▶ _Task item_
Every line from the one holding "Some of the words" to the end of the entries should be repeated exactly, with the pictures left out.

▶ _Source data_

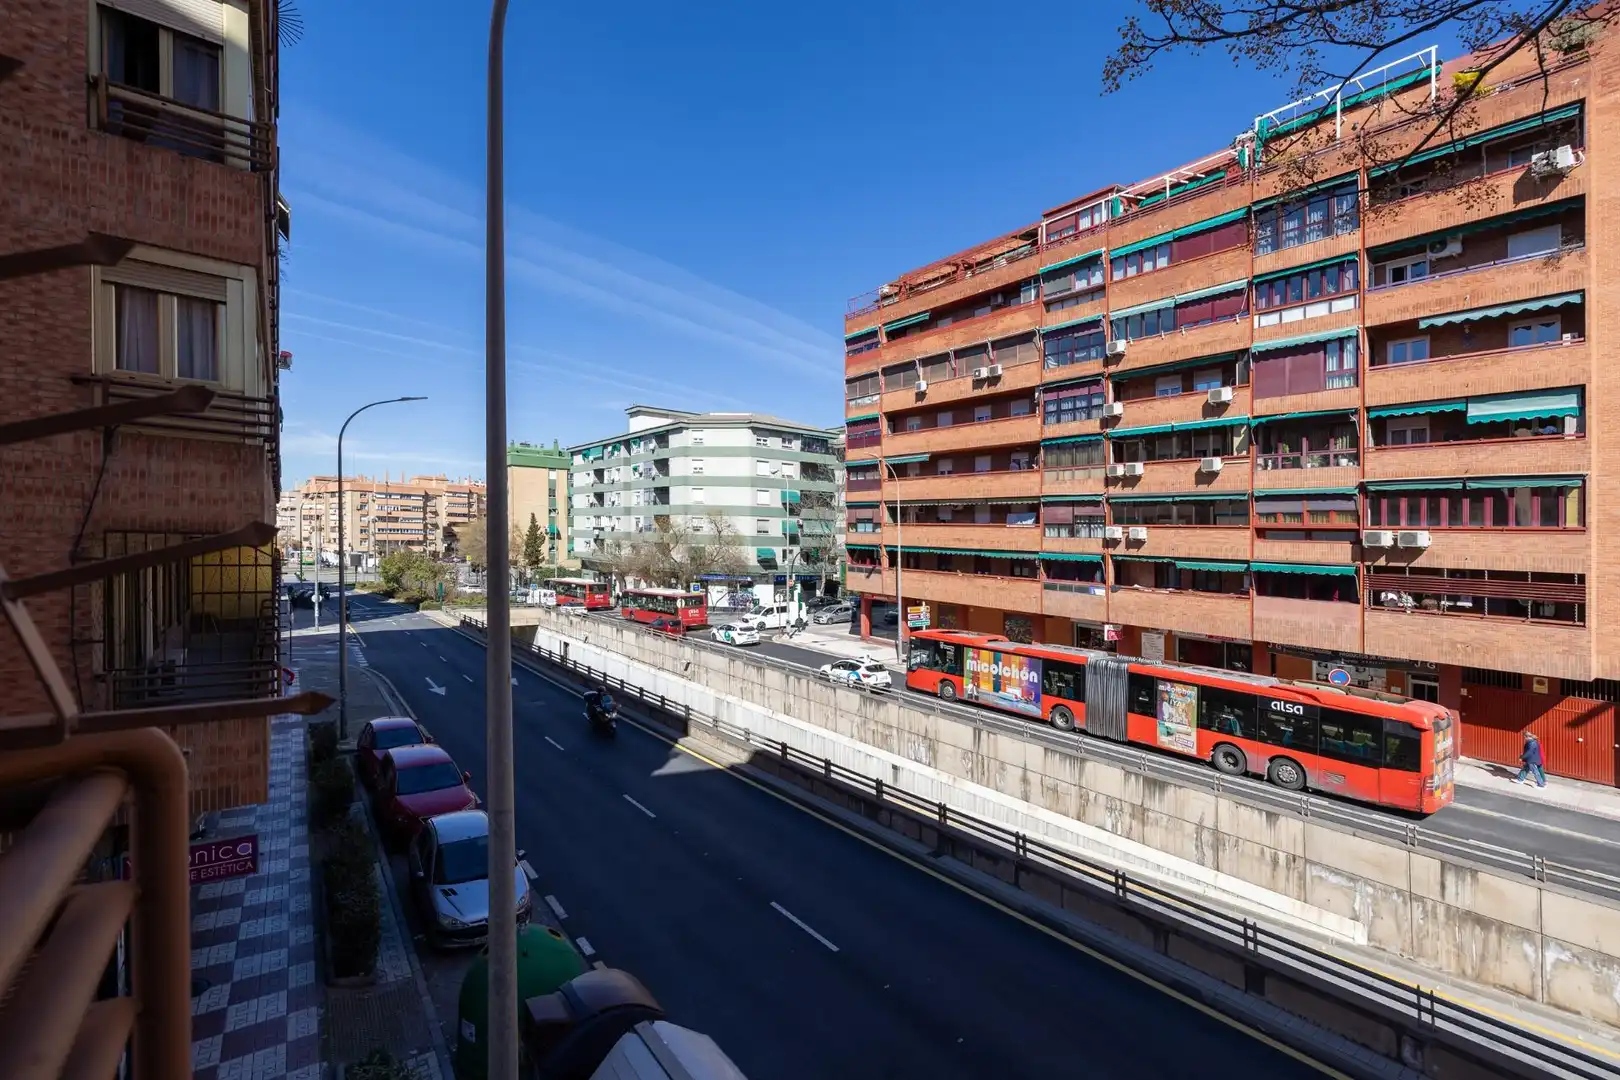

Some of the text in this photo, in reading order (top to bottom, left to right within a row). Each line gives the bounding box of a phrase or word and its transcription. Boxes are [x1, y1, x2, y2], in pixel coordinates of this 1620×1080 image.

[966, 659, 1038, 684] micolchón
[1271, 700, 1304, 715] alsa
[200, 860, 254, 879] ESTÉTICA
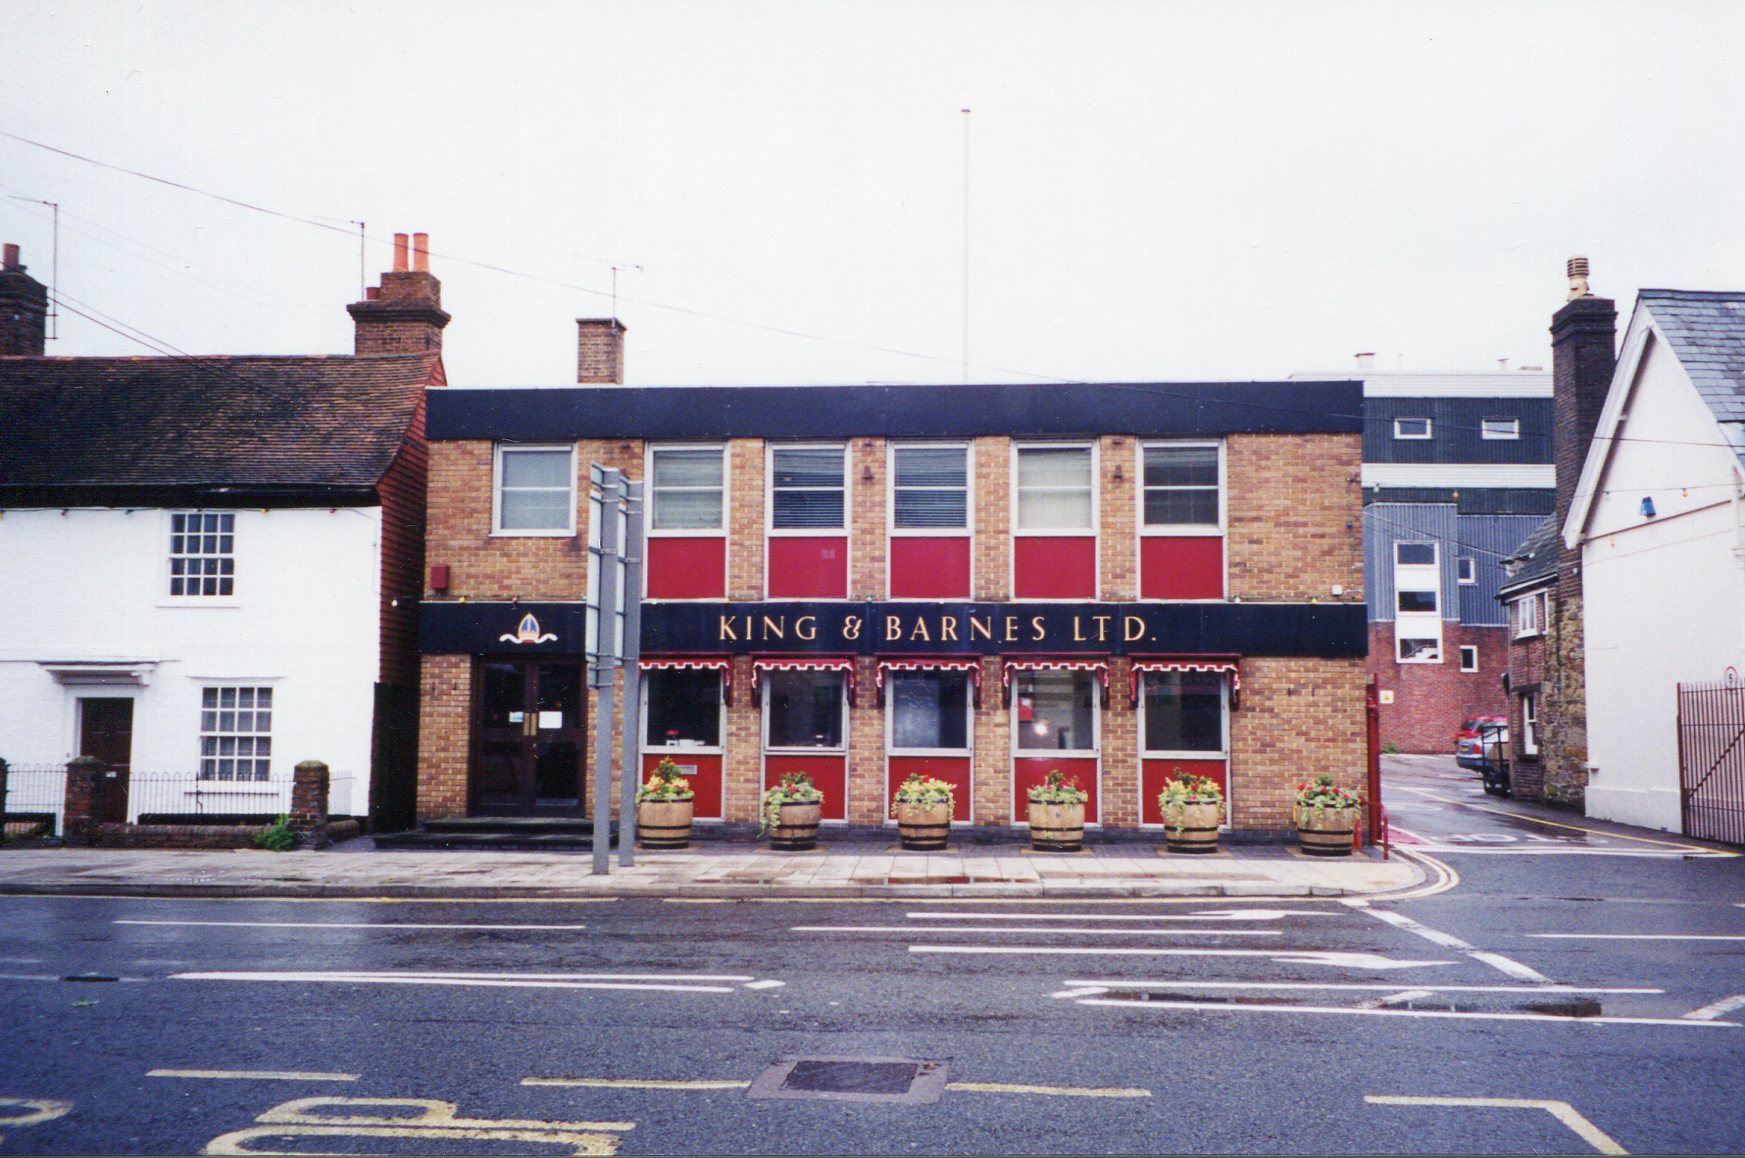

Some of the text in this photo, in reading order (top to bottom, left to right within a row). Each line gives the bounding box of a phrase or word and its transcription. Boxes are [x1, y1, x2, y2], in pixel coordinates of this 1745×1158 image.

[719, 615, 1157, 641] KING & BARNES LTD.
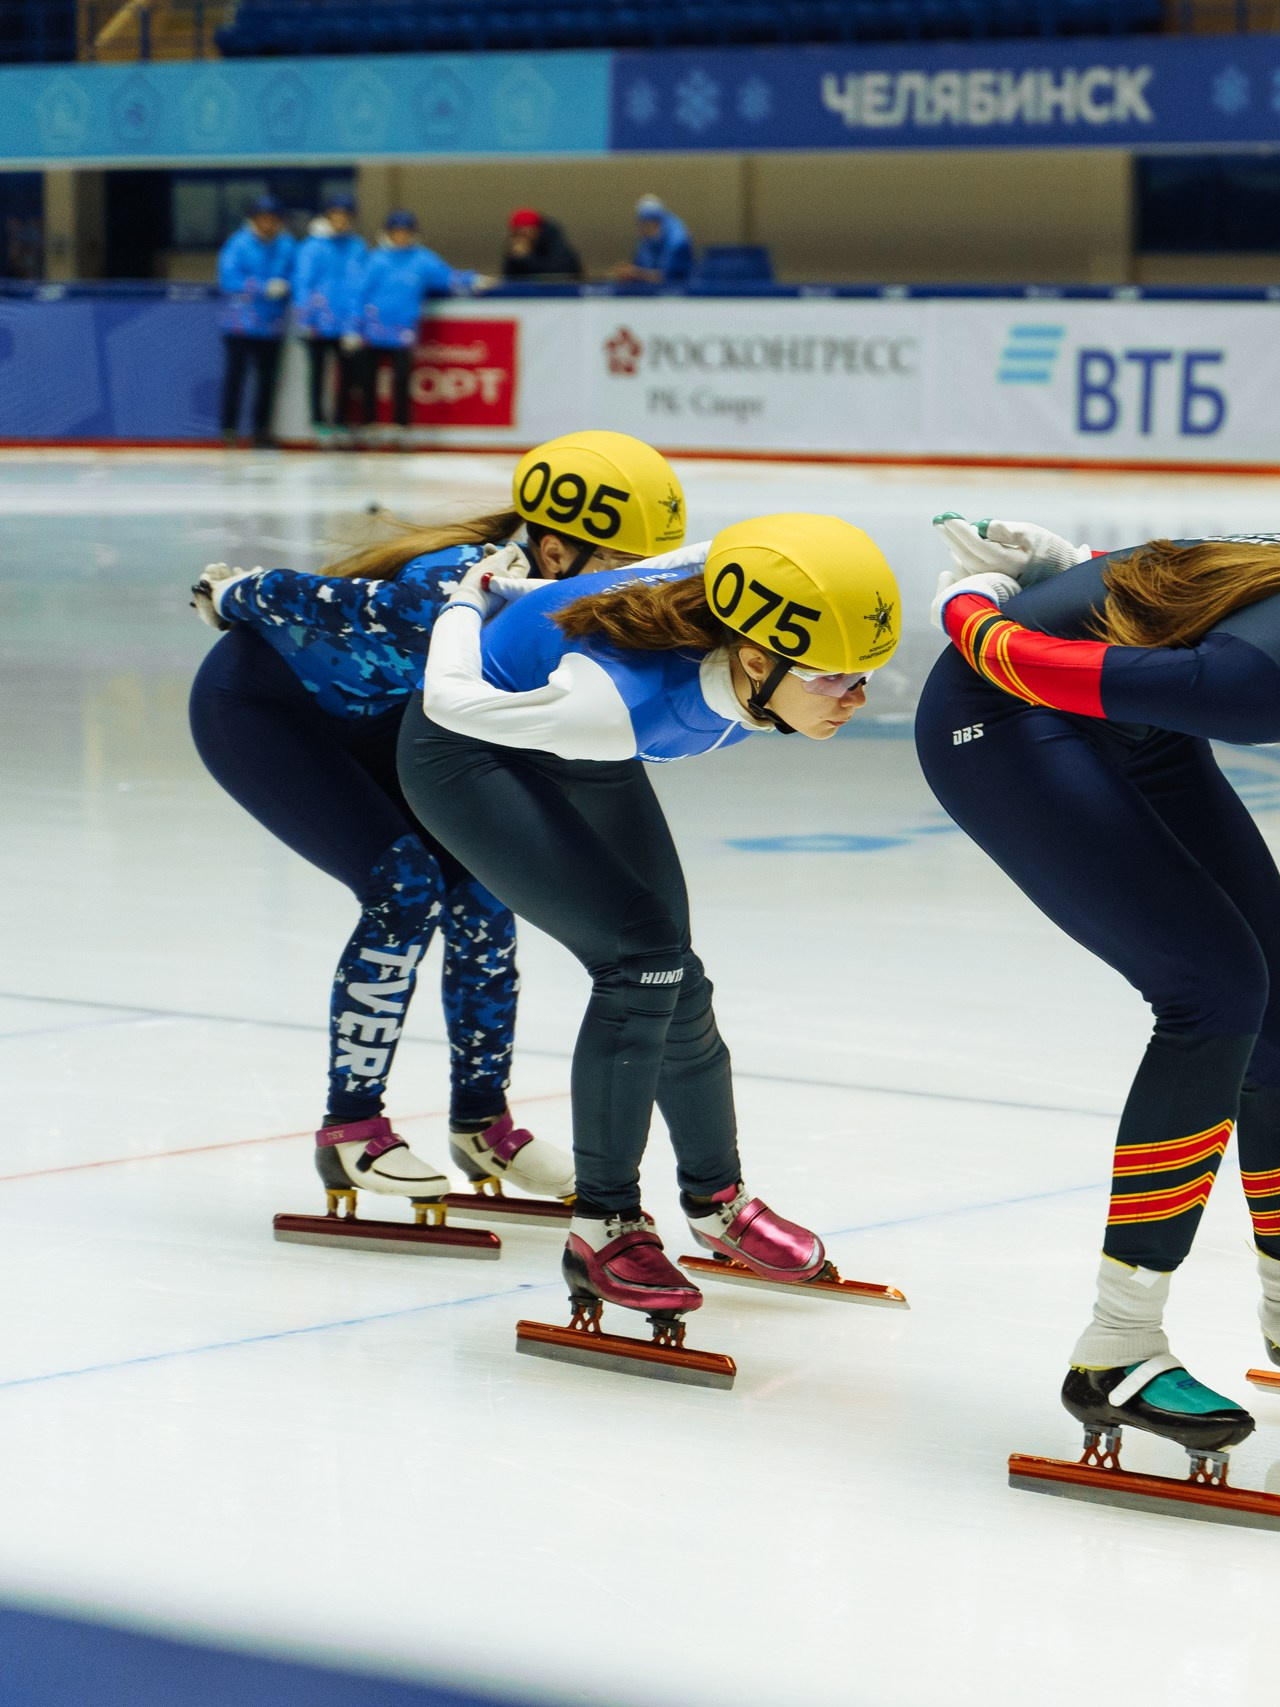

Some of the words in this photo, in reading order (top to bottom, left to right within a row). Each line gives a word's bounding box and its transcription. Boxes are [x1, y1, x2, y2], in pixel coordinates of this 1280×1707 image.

[820, 64, 1155, 128] ЧЕЛЯБИНСК
[647, 333, 918, 376] РОСКОНГРЕСС
[1075, 347, 1229, 437] ВТБ
[519, 461, 631, 540] 095
[713, 562, 822, 657] 075
[335, 943, 422, 1078] TVER
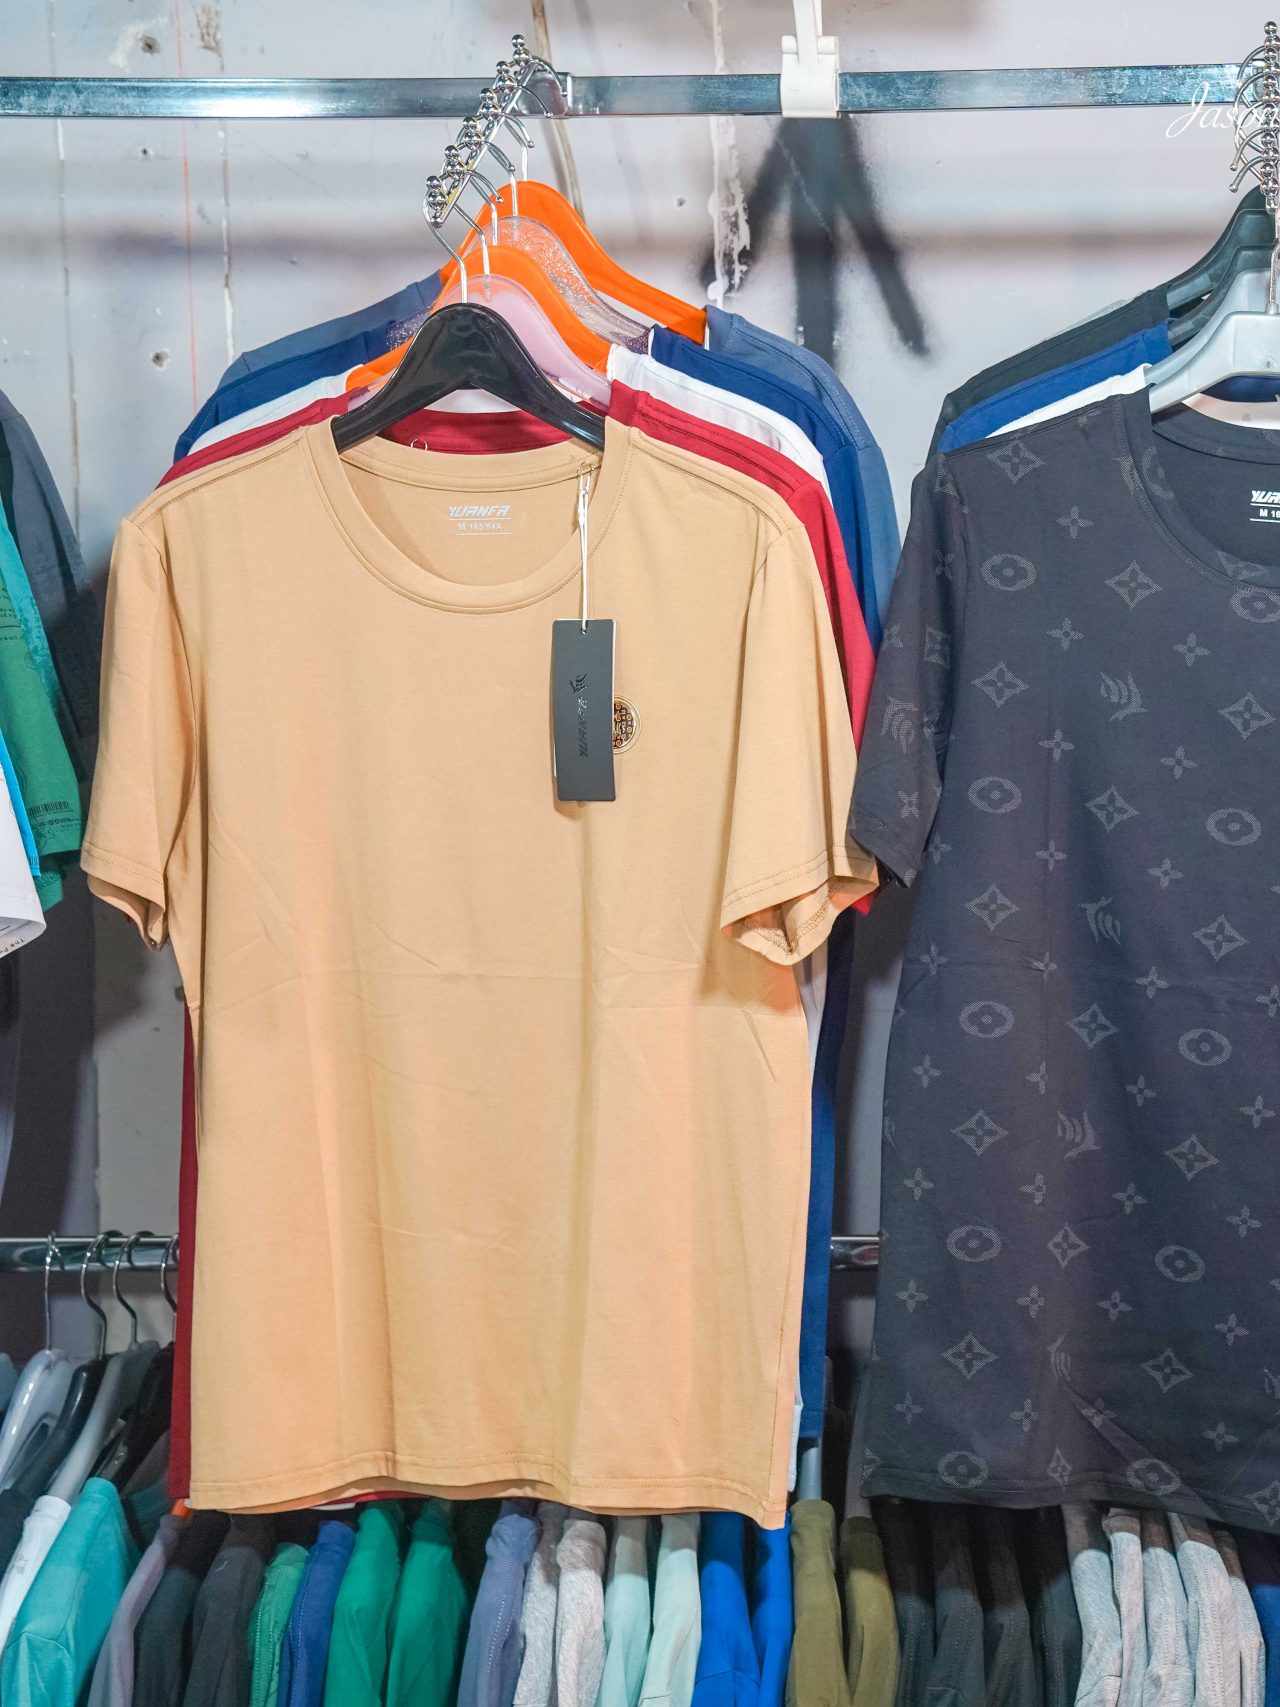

▶ _Exercise solution_
Some of the words in this photo, in reading order (top to bottom, left to right within a row). Each line gives a word's bounding box and its transcription. Boxes are [x1, y1, x2, y2], in pixel coordinates of this 1280×1707 image.

[820, 64, 1155, 128] ЧЕЛЯБИНСК
[647, 333, 918, 376] РОСКОНГРЕСС
[1075, 347, 1229, 437] ВТБ
[519, 461, 631, 540] 095
[713, 562, 822, 657] 075
[335, 943, 422, 1078] TVER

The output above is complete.